European Conditional Marketing Authorization in a Rapidly Evolving Treatment Landscape: A Comprehensive Study of Anticancer Medicinal Products in 2006–2020

Abstract

Since 2006, the European conditional marketing authorization (CMA) aims to facilitate timely patient access to medicinal products for which there is an unmet medical need by accepting less comprehensive data than normally required. The granting of CMA requires a positive benefit–risk balance, unmet medical needs to be fulfilled, likely submission of comprehensive data postauthorization, and the benefit of immediate availability to outweigh the risks of data noncomprehensiveness. Since its first use, more than half of all CMAs represent (hemato‐)oncology indications. Therefore, we aimed to investigate the conditions in which CMA has been applied for anticancer medicinal products and whether they have changed over time. We retrospectively assessed the European public assessment reports of the 30 anticancer medicinal products granted CMA in 2006–2020 (51% of all 59 CMAs). Comparison of 2006–2013 to 2014–2020 highlighted increased proportions of proactively requested CMAs (+40%), medicinal products that addressed unmet medical needs by providing a major therapeutic advantage over authorized treatments (+38%), and orphan designated indications (+32%).
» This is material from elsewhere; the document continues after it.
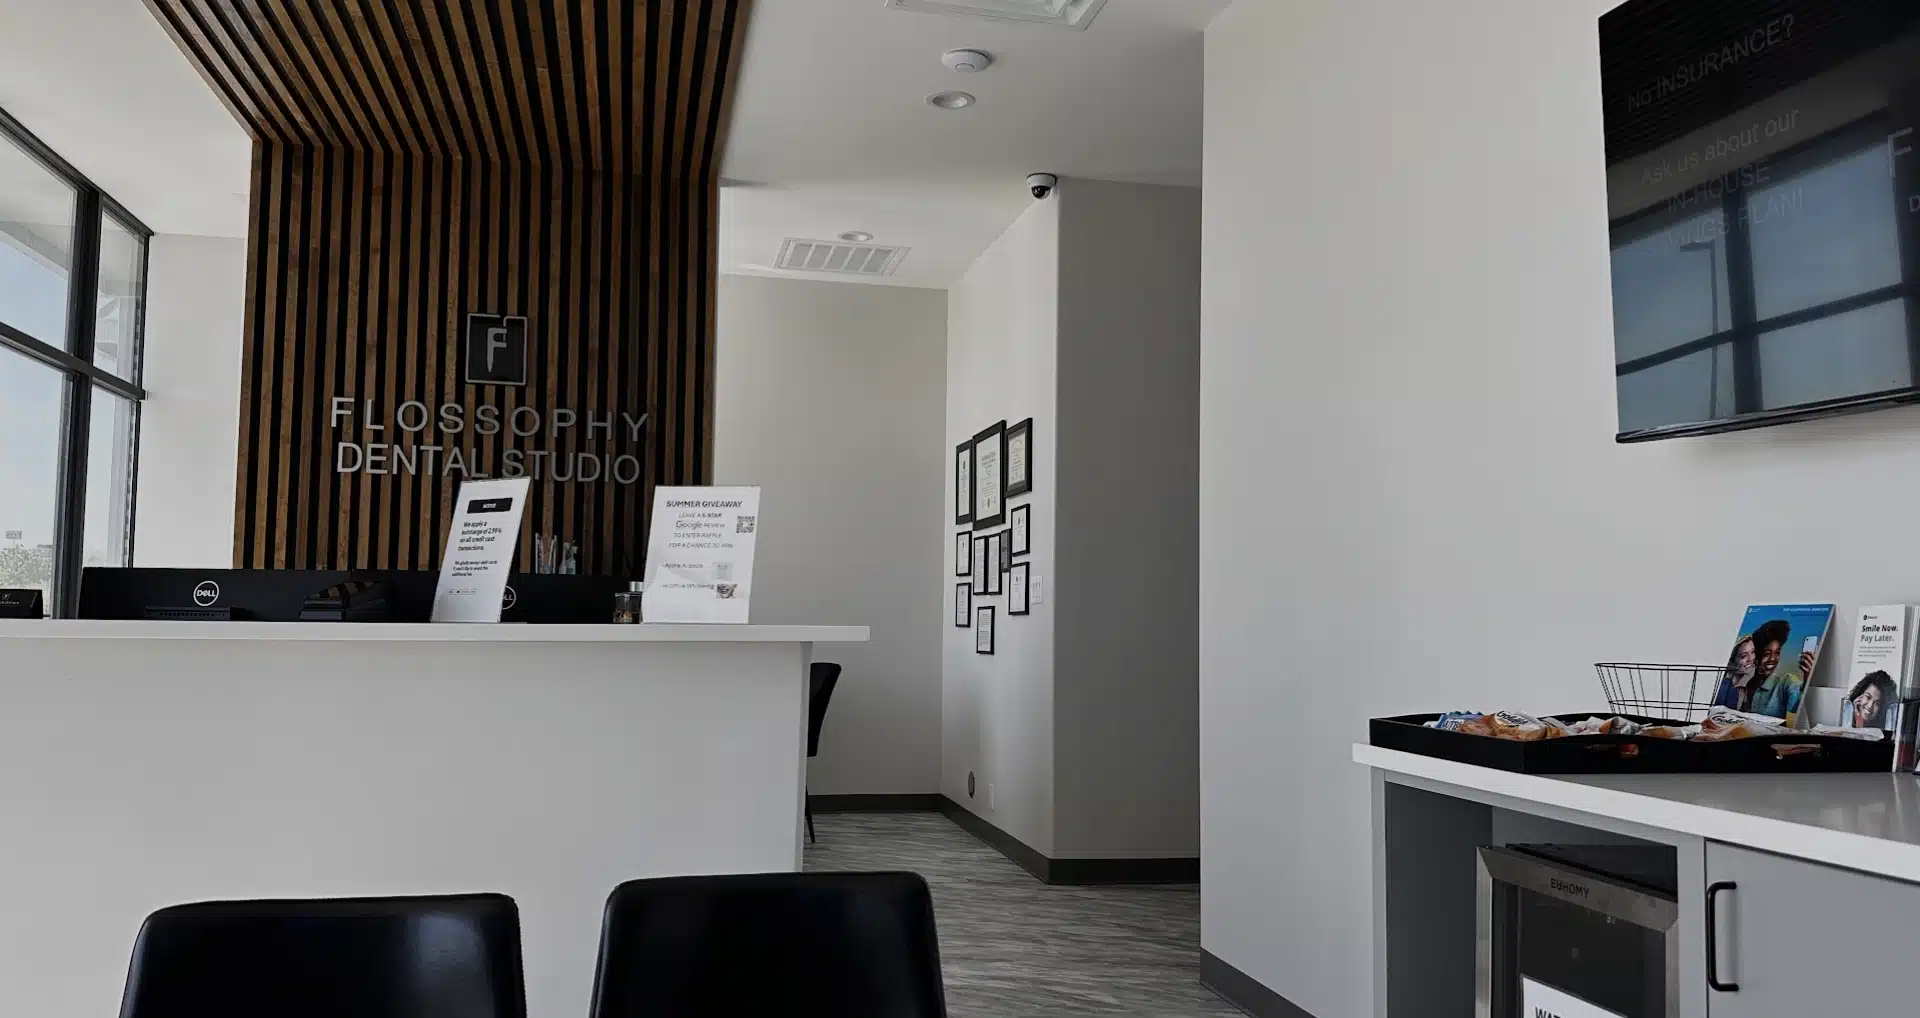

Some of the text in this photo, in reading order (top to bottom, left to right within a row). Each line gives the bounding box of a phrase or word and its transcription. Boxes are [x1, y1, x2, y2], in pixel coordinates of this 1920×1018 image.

In contrast, it showed decreased proportions of medicinal products for which a scientific advisory group was consulted (−55%) and phase III randomized controlled trial data were available (−38%). This suggests that applicants and the European Medicines Agency have learned how to use the CMA as a regulatory tool, among others, through better planning and proactive interaction. However, the increasing number of granted CMAs complicates the establishment of unmet medical need and the benefit–risk balance, especially in crowded indications and when only phase II uncontrolled trials are available.